Required work:
All of the records should be given back exactly and in full.

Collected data
* * * * *

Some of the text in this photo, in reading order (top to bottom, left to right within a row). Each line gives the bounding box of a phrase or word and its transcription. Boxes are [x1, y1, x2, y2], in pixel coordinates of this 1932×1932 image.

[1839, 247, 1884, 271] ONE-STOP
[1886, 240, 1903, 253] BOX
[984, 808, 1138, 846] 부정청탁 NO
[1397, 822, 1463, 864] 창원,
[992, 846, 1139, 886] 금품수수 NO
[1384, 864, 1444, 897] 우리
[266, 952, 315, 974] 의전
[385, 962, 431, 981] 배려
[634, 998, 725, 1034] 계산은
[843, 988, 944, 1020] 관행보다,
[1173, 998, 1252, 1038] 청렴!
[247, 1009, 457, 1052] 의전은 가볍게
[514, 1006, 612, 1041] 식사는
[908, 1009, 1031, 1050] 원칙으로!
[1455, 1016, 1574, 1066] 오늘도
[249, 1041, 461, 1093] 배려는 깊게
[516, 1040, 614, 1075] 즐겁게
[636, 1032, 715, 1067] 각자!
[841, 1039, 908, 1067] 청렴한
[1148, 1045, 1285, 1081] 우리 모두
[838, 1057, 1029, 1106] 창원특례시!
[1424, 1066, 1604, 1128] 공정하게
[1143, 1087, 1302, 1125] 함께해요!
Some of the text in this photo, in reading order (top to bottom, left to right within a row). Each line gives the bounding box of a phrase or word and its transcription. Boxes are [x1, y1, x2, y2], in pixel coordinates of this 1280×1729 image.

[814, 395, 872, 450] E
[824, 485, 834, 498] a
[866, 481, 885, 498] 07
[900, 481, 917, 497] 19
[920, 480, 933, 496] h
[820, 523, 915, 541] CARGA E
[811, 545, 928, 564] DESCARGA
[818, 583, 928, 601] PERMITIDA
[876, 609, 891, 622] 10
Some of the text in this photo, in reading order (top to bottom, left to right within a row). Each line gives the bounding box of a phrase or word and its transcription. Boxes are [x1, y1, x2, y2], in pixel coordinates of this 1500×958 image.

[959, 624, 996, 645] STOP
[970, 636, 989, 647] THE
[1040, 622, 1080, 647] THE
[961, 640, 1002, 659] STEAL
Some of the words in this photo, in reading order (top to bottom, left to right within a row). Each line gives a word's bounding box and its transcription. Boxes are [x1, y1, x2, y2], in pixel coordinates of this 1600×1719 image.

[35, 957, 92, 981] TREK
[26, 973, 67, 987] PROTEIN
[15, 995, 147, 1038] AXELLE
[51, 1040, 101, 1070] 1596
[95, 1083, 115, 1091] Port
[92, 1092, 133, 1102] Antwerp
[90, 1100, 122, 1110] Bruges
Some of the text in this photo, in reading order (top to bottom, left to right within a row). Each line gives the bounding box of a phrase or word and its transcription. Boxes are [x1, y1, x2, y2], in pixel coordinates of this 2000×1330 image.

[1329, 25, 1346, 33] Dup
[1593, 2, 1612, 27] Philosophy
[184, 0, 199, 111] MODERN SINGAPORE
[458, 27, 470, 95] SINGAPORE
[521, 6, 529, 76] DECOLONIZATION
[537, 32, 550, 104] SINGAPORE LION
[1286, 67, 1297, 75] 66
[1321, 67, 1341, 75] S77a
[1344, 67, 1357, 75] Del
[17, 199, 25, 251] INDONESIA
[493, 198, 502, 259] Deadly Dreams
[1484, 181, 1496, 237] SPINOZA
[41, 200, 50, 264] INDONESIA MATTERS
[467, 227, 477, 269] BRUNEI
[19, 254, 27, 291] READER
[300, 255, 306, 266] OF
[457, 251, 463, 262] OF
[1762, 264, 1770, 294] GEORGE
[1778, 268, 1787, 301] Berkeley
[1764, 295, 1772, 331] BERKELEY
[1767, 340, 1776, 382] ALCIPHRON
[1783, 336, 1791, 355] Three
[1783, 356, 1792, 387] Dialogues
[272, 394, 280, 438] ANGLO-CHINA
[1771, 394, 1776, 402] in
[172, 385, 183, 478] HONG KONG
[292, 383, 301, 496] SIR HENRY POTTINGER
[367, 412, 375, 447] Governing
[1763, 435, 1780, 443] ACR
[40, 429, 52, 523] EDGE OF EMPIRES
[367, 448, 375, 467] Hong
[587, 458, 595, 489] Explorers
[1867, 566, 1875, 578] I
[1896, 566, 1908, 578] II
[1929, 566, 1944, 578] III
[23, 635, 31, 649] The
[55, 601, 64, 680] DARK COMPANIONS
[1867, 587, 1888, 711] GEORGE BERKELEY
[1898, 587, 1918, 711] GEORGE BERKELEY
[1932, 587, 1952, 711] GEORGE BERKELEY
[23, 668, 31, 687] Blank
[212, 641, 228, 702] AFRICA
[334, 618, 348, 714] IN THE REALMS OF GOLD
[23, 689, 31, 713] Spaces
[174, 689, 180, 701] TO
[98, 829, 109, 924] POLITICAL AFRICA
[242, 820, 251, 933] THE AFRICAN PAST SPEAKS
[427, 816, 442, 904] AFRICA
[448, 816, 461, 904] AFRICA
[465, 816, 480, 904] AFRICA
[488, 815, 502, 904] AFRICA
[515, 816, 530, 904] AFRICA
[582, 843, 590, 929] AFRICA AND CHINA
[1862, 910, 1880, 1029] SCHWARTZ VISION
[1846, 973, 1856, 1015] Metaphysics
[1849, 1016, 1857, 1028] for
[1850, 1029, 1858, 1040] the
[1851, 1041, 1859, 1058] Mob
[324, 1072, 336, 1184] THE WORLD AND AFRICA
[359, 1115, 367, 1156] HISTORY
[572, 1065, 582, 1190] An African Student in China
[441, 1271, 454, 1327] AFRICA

* * * * *

Response to this exercise:
Some of the text in this photo, in reading order (top to bottom, left to right within a row). Each line gives the bounding box of a phrase or word and its transcription. Boxes are [x1, y1, x2, y2], in pixel coordinates of this 1932×1932 image.

[1839, 247, 1884, 271] ONE-STOP
[1886, 240, 1903, 253] BOX
[984, 808, 1138, 846] 부정청탁 NO
[1397, 822, 1463, 864] 창원,
[992, 846, 1139, 886] 금품수수 NO
[1384, 864, 1444, 897] 우리
[266, 952, 315, 974] 의전
[385, 962, 431, 981] 배려
[634, 998, 725, 1034] 계산은
[843, 988, 944, 1020] 관행보다,
[1173, 998, 1252, 1038] 청렴!
[247, 1009, 457, 1052] 의전은 가볍게
[514, 1006, 612, 1041] 식사는
[908, 1009, 1031, 1050] 원칙으로!
[1455, 1016, 1574, 1066] 오늘도
[249, 1041, 461, 1093] 배려는 깊게
[516, 1040, 614, 1075] 즐겁게
[636, 1032, 715, 1067] 각자!
[841, 1039, 908, 1067] 청렴한
[1148, 1045, 1285, 1081] 우리 모두
[838, 1057, 1029, 1106] 창원특례시!
[1424, 1066, 1604, 1128] 공정하게
[1143, 1087, 1302, 1125] 함께해요!
Some of the text in this photo, in reading order (top to bottom, left to right within a row). Each line gives the bounding box of a phrase or word and its transcription. Boxes are [x1, y1, x2, y2], in pixel coordinates of this 1280×1729 image.

[814, 395, 872, 450] E
[824, 485, 834, 498] a
[866, 481, 885, 498] 07
[900, 481, 917, 497] 19
[920, 480, 933, 496] h
[820, 523, 915, 541] CARGA E
[811, 545, 928, 564] DESCARGA
[818, 583, 928, 601] PERMITIDA
[876, 609, 891, 622] 10
Some of the text in this photo, in reading order (top to bottom, left to right within a row). Each line gives the bounding box of a phrase or word and its transcription. Boxes are [x1, y1, x2, y2], in pixel coordinates of this 1500×958 image.

[959, 624, 996, 645] STOP
[970, 636, 989, 647] THE
[1040, 622, 1080, 647] THE
[961, 640, 1002, 659] STEAL
Some of the words in this photo, in reading order (top to bottom, left to right within a row). Each line gives a word's bounding box and its transcription. Boxes are [x1, y1, x2, y2], in pixel coordinates of this 1600×1719 image.

[35, 957, 92, 981] TREK
[26, 973, 67, 987] PROTEIN
[15, 995, 147, 1038] AXELLE
[51, 1040, 101, 1070] 1596
[95, 1083, 115, 1091] Port
[92, 1092, 133, 1102] Antwerp
[90, 1100, 122, 1110] Bruges
Some of the text in this photo, in reading order (top to bottom, left to right within a row). Each line gives the bounding box of a phrase or word and its transcription. Boxes are [x1, y1, x2, y2], in pixel coordinates of this 2000×1330 image.

[1329, 25, 1346, 33] Dup
[1593, 2, 1612, 27] Philosophy
[184, 0, 199, 111] MODERN SINGAPORE
[458, 27, 470, 95] SINGAPORE
[521, 6, 529, 76] DECOLONIZATION
[537, 32, 550, 104] SINGAPORE LION
[1286, 67, 1297, 75] 66
[1321, 67, 1341, 75] S77a
[1344, 67, 1357, 75] Del
[17, 199, 25, 251] INDONESIA
[493, 198, 502, 259] Deadly Dreams
[1484, 181, 1496, 237] SPINOZA
[41, 200, 50, 264] INDONESIA MATTERS
[467, 227, 477, 269] BRUNEI
[19, 254, 27, 291] READER
[300, 255, 306, 266] OF
[457, 251, 463, 262] OF
[1762, 264, 1770, 294] GEORGE
[1778, 268, 1787, 301] Berkeley
[1764, 295, 1772, 331] BERKELEY
[1767, 340, 1776, 382] ALCIPHRON
[1783, 336, 1791, 355] Three
[1783, 356, 1792, 387] Dialogues
[272, 394, 280, 438] ANGLO-CHINA
[1771, 394, 1776, 402] in
[172, 385, 183, 478] HONG KONG
[292, 383, 301, 496] SIR HENRY POTTINGER
[367, 412, 375, 447] Governing
[1763, 435, 1780, 443] ACR
[40, 429, 52, 523] EDGE OF EMPIRES
[367, 448, 375, 467] Hong
[587, 458, 595, 489] Explorers
[1867, 566, 1875, 578] I
[1896, 566, 1908, 578] II
[1929, 566, 1944, 578] III
[23, 635, 31, 649] The
[55, 601, 64, 680] DARK COMPANIONS
[1867, 587, 1888, 711] GEORGE BERKELEY
[1898, 587, 1918, 711] GEORGE BERKELEY
[1932, 587, 1952, 711] GEORGE BERKELEY
[23, 668, 31, 687] Blank
[212, 641, 228, 702] AFRICA
[334, 618, 348, 714] IN THE REALMS OF GOLD
[23, 689, 31, 713] Spaces
[174, 689, 180, 701] TO
[98, 829, 109, 924] POLITICAL AFRICA
[242, 820, 251, 933] THE AFRICAN PAST SPEAKS
[427, 816, 442, 904] AFRICA
[448, 816, 461, 904] AFRICA
[465, 816, 480, 904] AFRICA
[488, 815, 502, 904] AFRICA
[515, 816, 530, 904] AFRICA
[582, 843, 590, 929] AFRICA AND CHINA
[1862, 910, 1880, 1029] SCHWARTZ VISION
[1846, 973, 1856, 1015] Metaphysics
[1849, 1016, 1857, 1028] for
[1850, 1029, 1858, 1040] the
[1851, 1041, 1859, 1058] Mob
[324, 1072, 336, 1184] THE WORLD AND AFRICA
[359, 1115, 367, 1156] HISTORY
[572, 1065, 582, 1190] An African Student in China
[441, 1271, 454, 1327] AFRICA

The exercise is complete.